WHAT TO DO:
Every line from the one containing "this 1920×1280 image." through the last line below should be reproduced exactly; please include nothing else.

RECORDS PROVIDED:
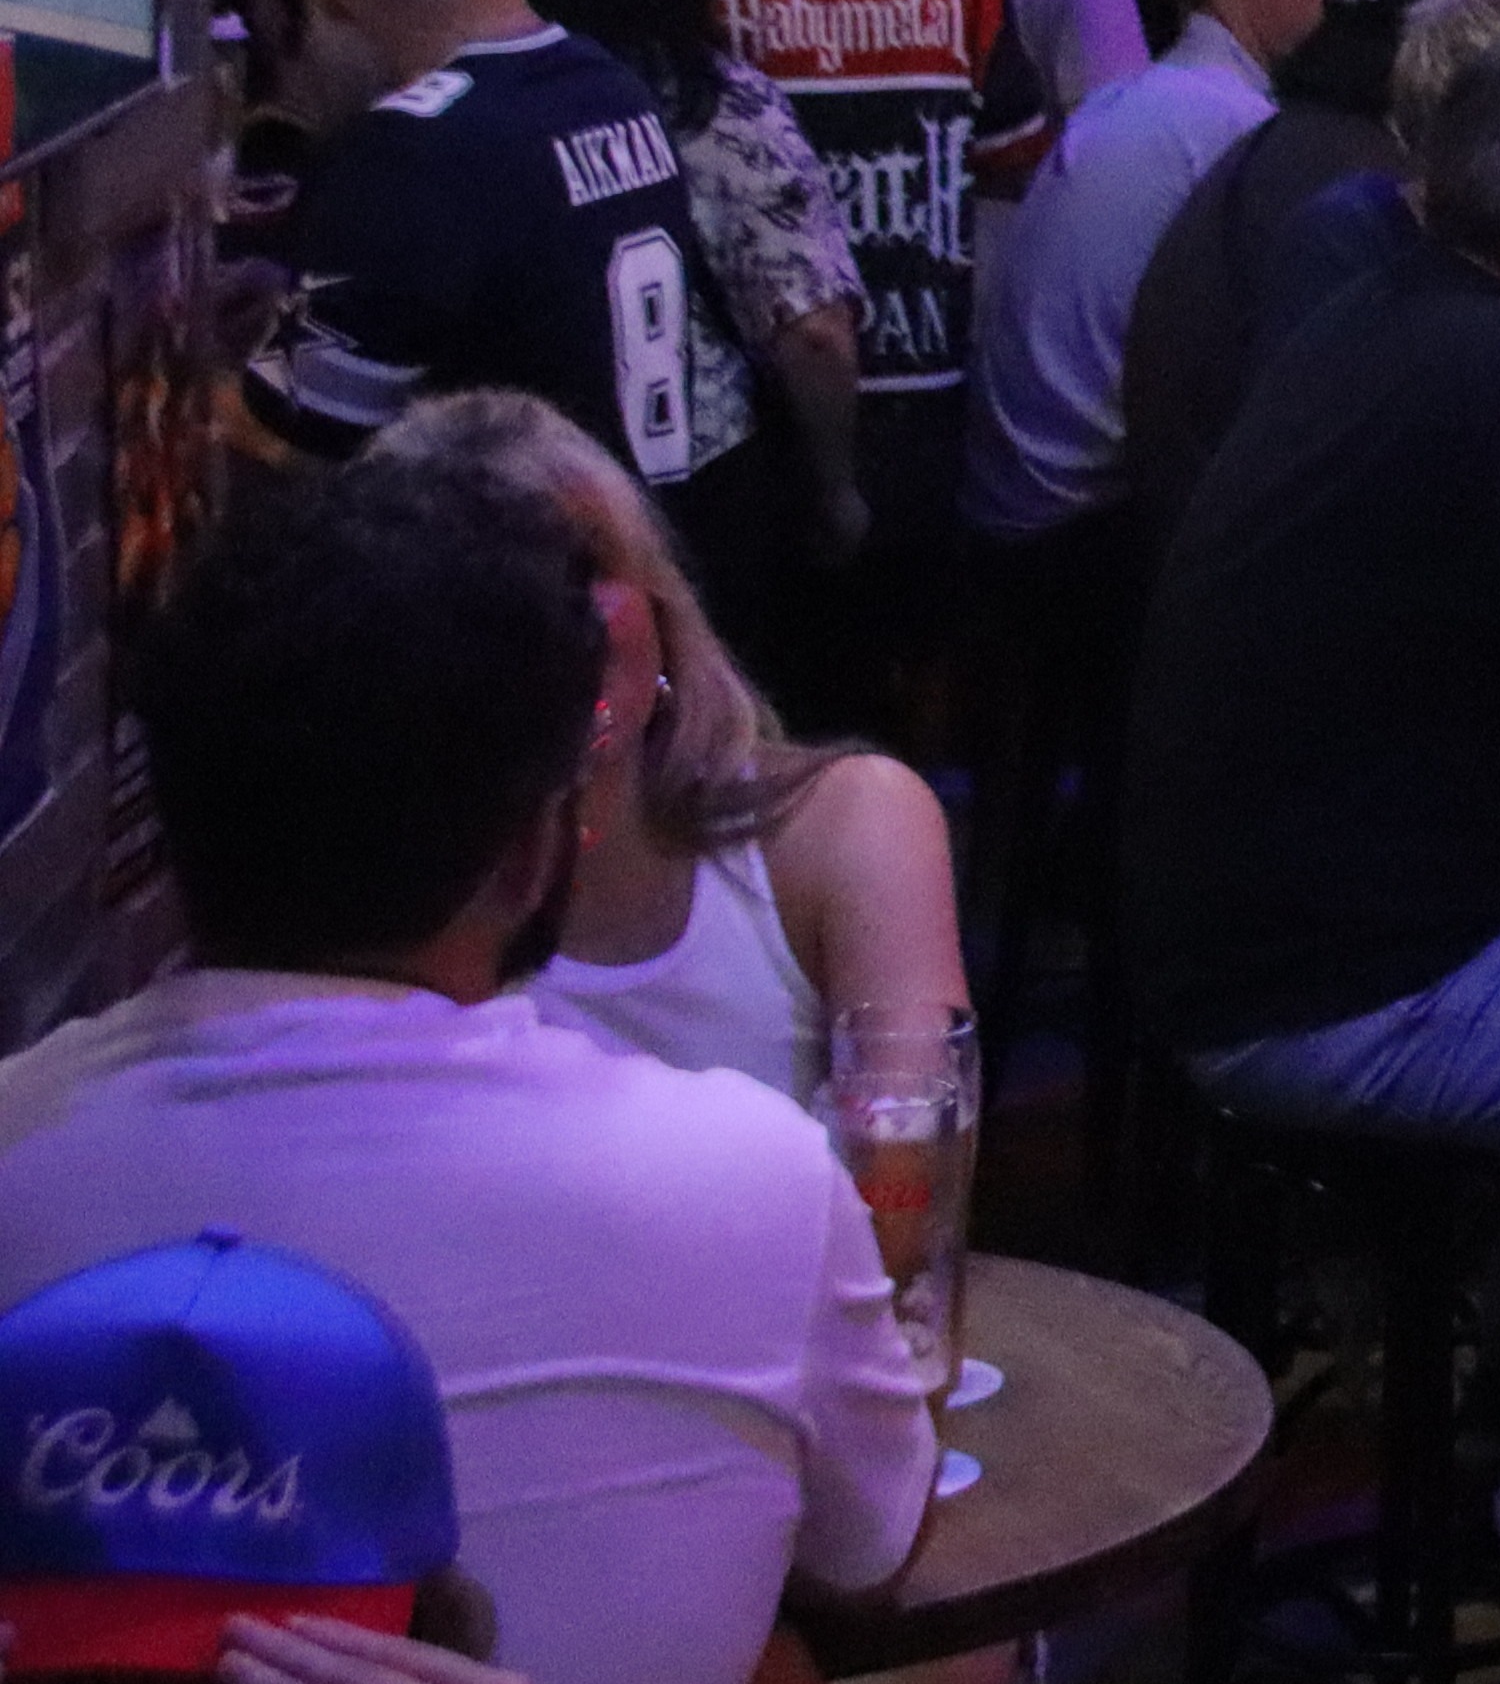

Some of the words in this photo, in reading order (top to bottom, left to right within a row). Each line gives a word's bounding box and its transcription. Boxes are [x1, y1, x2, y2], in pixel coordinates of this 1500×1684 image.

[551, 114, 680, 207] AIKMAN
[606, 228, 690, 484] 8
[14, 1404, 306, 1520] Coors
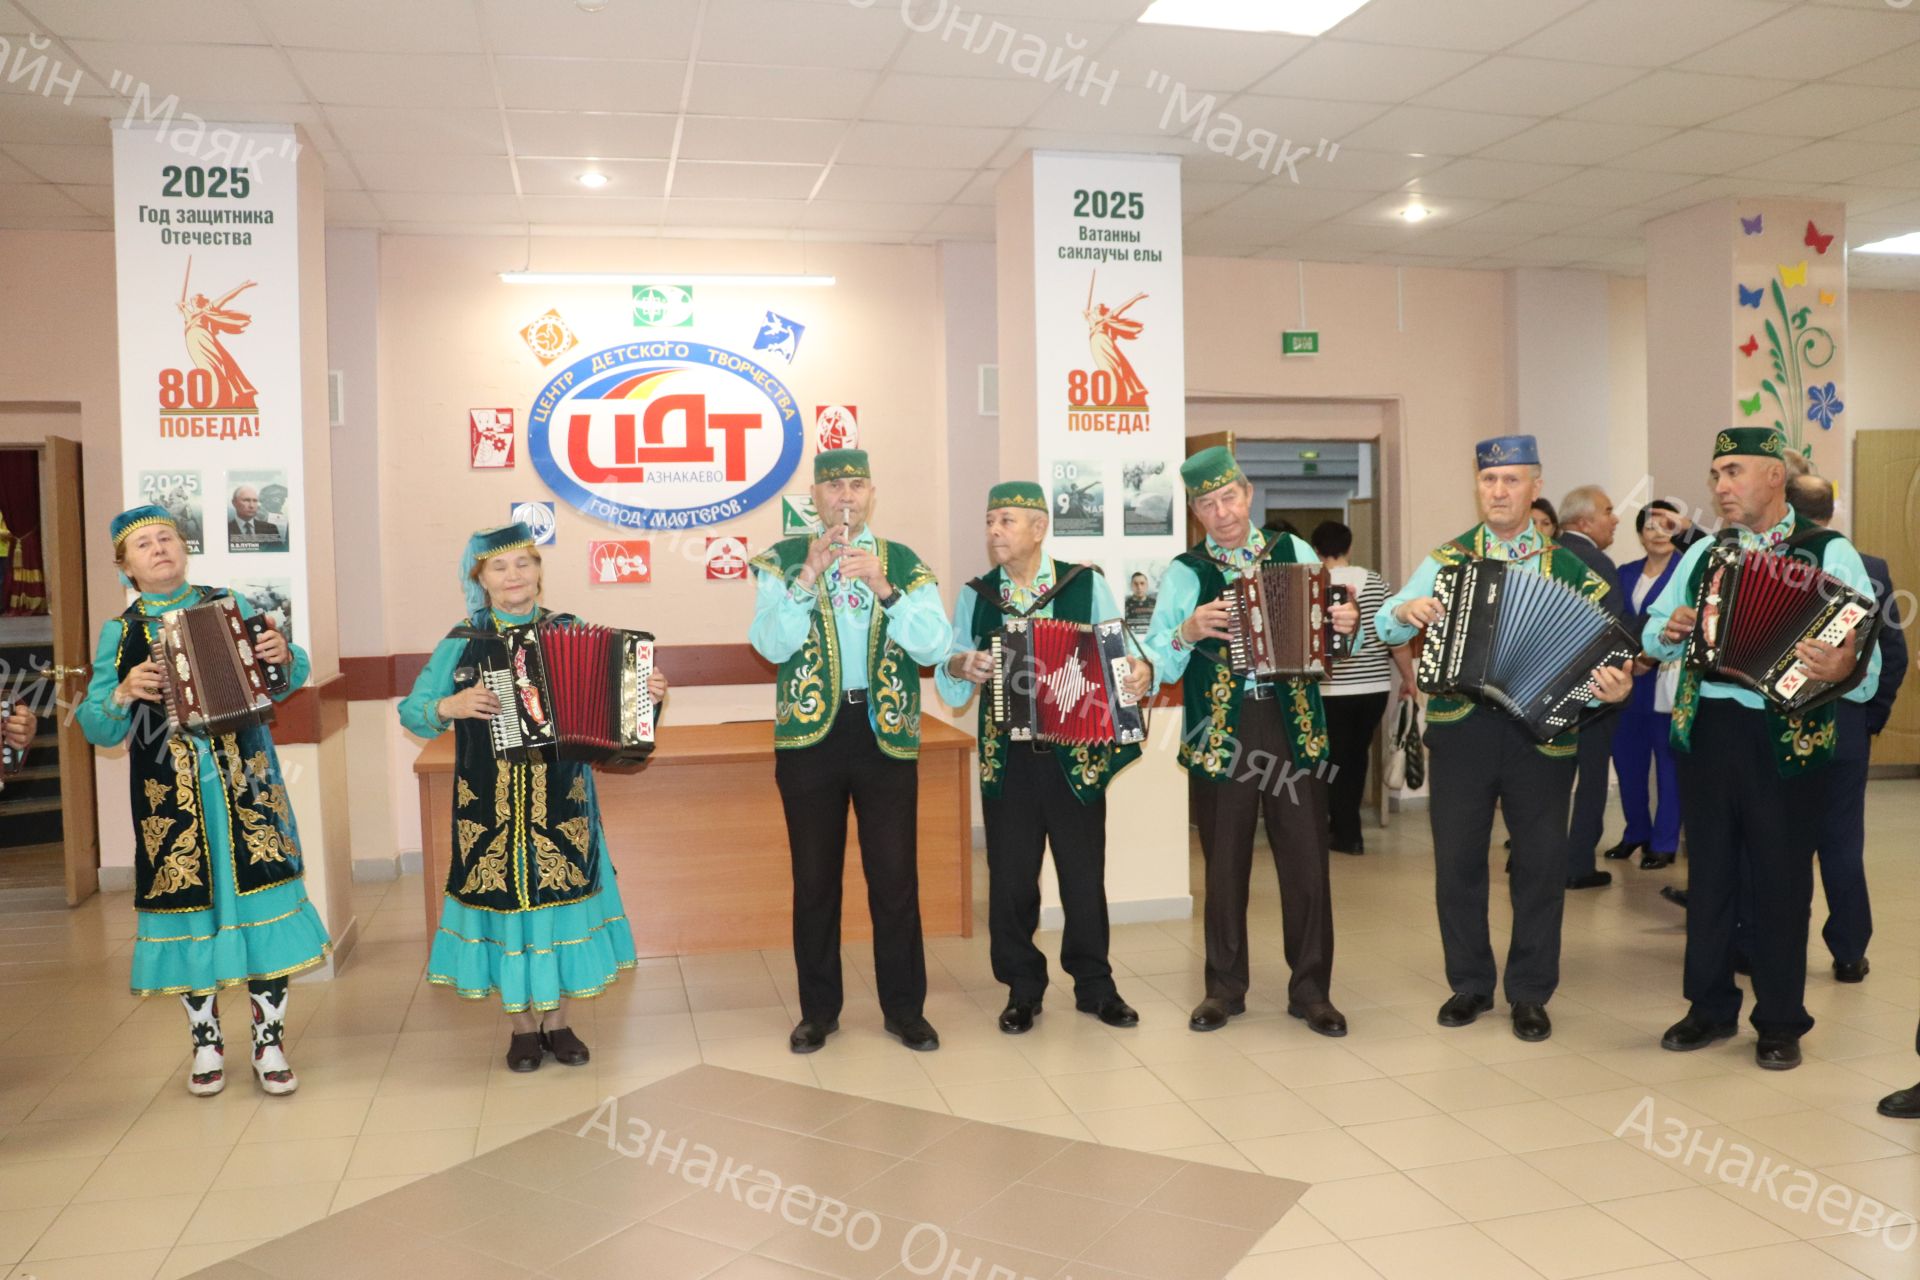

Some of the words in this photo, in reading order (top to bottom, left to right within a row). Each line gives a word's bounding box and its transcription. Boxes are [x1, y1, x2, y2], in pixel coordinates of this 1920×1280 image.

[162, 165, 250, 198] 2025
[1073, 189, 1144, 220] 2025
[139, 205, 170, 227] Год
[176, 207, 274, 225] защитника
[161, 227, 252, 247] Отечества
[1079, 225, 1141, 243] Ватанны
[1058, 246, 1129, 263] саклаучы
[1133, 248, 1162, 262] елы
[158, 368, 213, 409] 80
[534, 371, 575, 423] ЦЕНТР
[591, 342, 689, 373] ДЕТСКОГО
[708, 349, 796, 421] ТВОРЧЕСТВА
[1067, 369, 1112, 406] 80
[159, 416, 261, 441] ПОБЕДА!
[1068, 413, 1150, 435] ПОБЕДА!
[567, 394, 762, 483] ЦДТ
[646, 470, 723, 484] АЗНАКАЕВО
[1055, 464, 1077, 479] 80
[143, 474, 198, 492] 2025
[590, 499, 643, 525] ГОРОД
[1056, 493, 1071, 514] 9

WRITTEN RESPONSE:
Some of the words in this photo, in reading order (top to bottom, left to right within a row). Each line gives a word's bounding box and its transcription. Boxes are [x1, y1, x2, y2], in pixel coordinates of this 1920×1280 image.

[162, 165, 250, 198] 2025
[1073, 189, 1144, 220] 2025
[139, 205, 170, 227] Год
[176, 207, 274, 225] защитника
[161, 227, 252, 247] Отечества
[1079, 225, 1141, 243] Ватанны
[1058, 246, 1129, 263] саклаучы
[1133, 248, 1162, 262] елы
[158, 368, 213, 409] 80
[534, 371, 575, 423] ЦЕНТР
[591, 342, 689, 373] ДЕТСКОГО
[708, 349, 796, 421] ТВОРЧЕСТВА
[1067, 369, 1112, 406] 80
[159, 416, 261, 441] ПОБЕДА!
[1068, 413, 1150, 435] ПОБЕДА!
[567, 394, 762, 483] ЦДТ
[646, 470, 723, 484] АЗНАКАЕВО
[1055, 464, 1077, 479] 80
[143, 474, 198, 492] 2025
[590, 499, 643, 525] ГОРОД
[1056, 493, 1071, 514] 9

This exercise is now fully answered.